Audience members — especially the owners of the scanned devices — were stunned to learn how easily they might be hacked, although Reuben was careful to stop short of any hacking activity.
It was a good example for the conference, which was debating how best to secure the “Internet of Things.” That term refers to the concept of connecting everyday objects to the Internet or to each other. And Reuben’s teddy bear had just revealed its danger.
“The [Internet of Things] is the next generation of technology, and we are all going to have to embrace it,” said Reuben. But people should be “cautious about connected toys and systems, and not recklessly accept any device” without determining if it’s secure.
Reuben began learning about cybersecurity at age 6 from his dad, a cybersecurity professional. By the time he was 8, Reuben had delivered a talk at a cybersecurity conference in Louisville, Kentucky.
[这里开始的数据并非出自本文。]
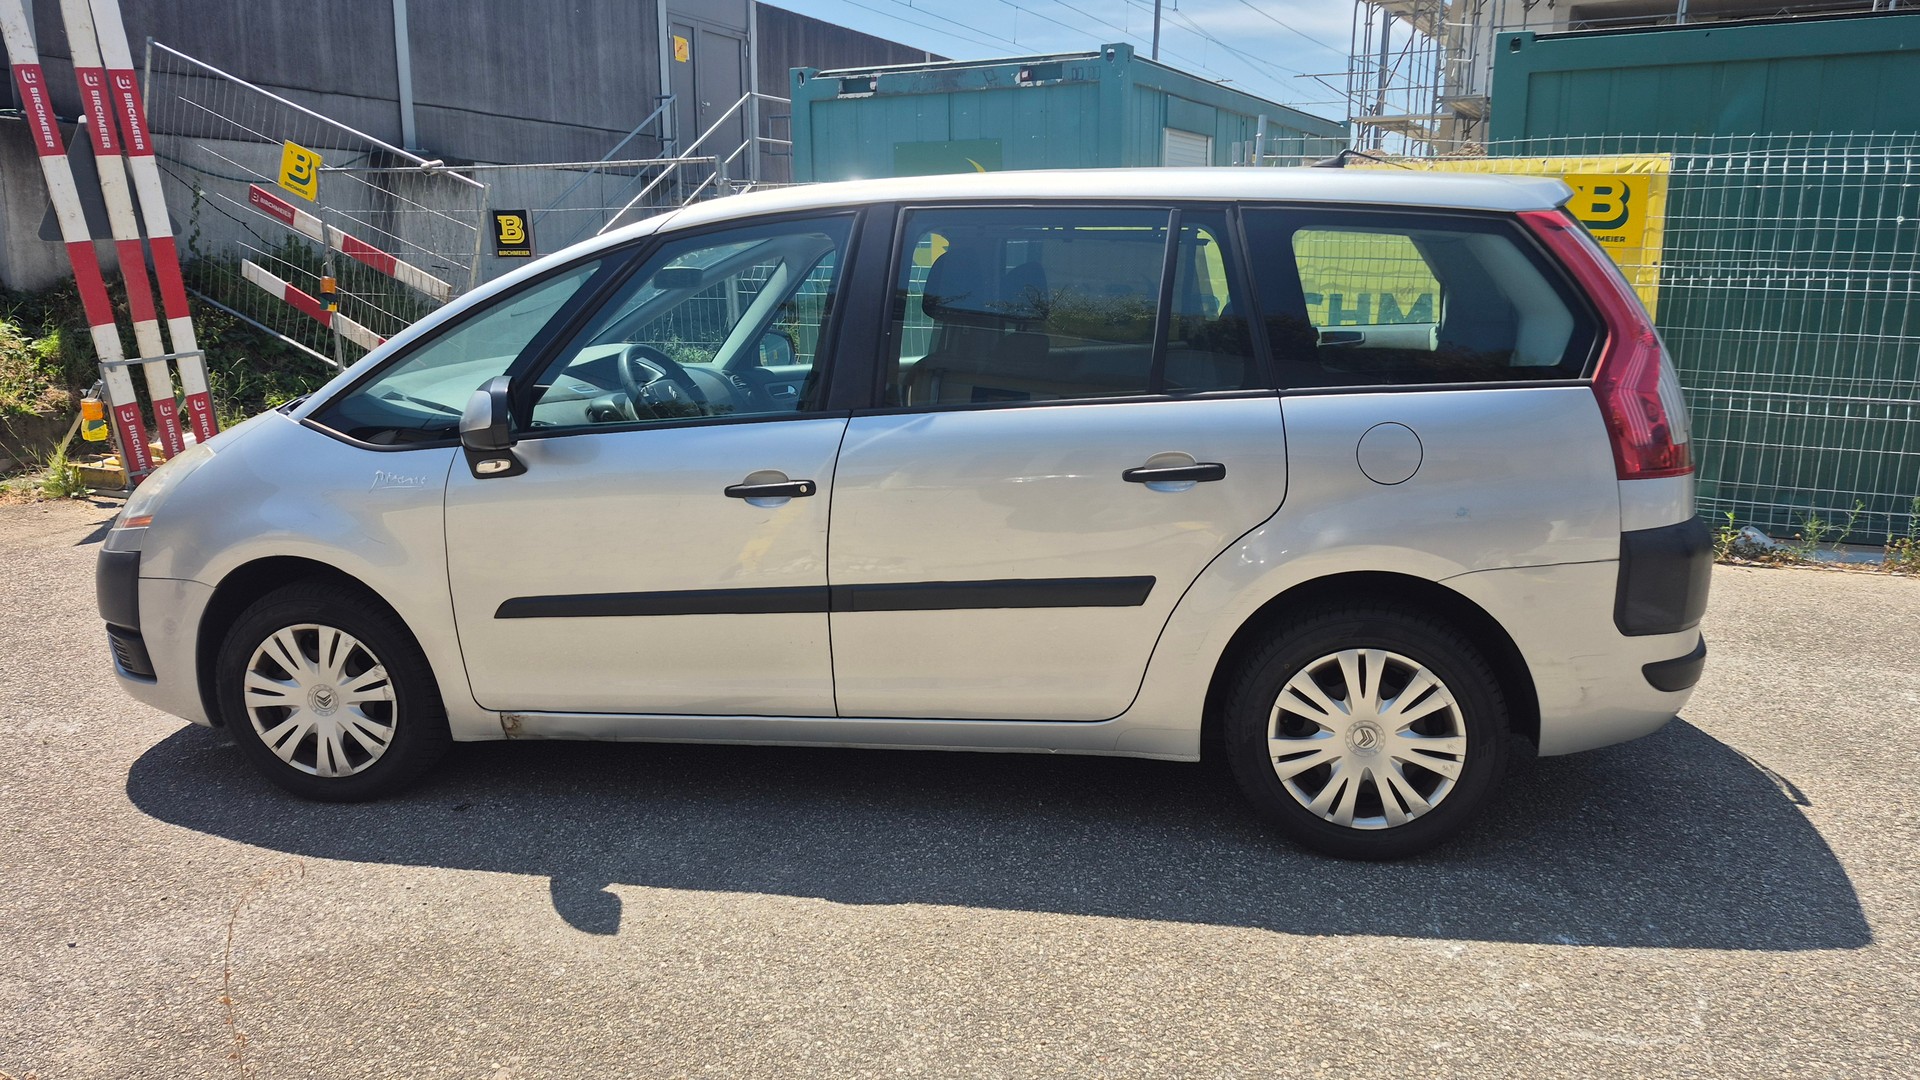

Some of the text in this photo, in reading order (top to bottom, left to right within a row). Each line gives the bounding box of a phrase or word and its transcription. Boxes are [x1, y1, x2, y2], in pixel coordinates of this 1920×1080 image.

Since then he’s been invited to conferences at home and abroad, and corporations ask him to give talks on cybersecurity. He always warns against reusing passwords: “Most people use the same password for their bank accounts and their social media accounts. So if a password gets hacked, the hacker will have total access to that person’s digital identity.”
He also warns against connecting to public Wi-Fi access points, and tells people to regularly update their software systems.
Reuben offers these “three T’s of online cybersecurity.”
Don’t Talk = Don’t give out personal information online.
Don’t Take = Don’t click on any links in emails without checking to see if they are valid.
Don’t Trust = Everybody online is a cyber stranger. Don’t trust anyone, because you could be the victim of a phishing or other malicious attack.
In addition to speaking and practicing gymnastics and kung fu, Reuben is also the head of a nonprofit organization that seeks to educate people about cybersecurity.
Reuben says he would eventually like to be “writing apps and video games, and to be a cyber spy at night, helping protect others and our country from cyberthreats.”
But first, he says, “I need to pass sixth grade.”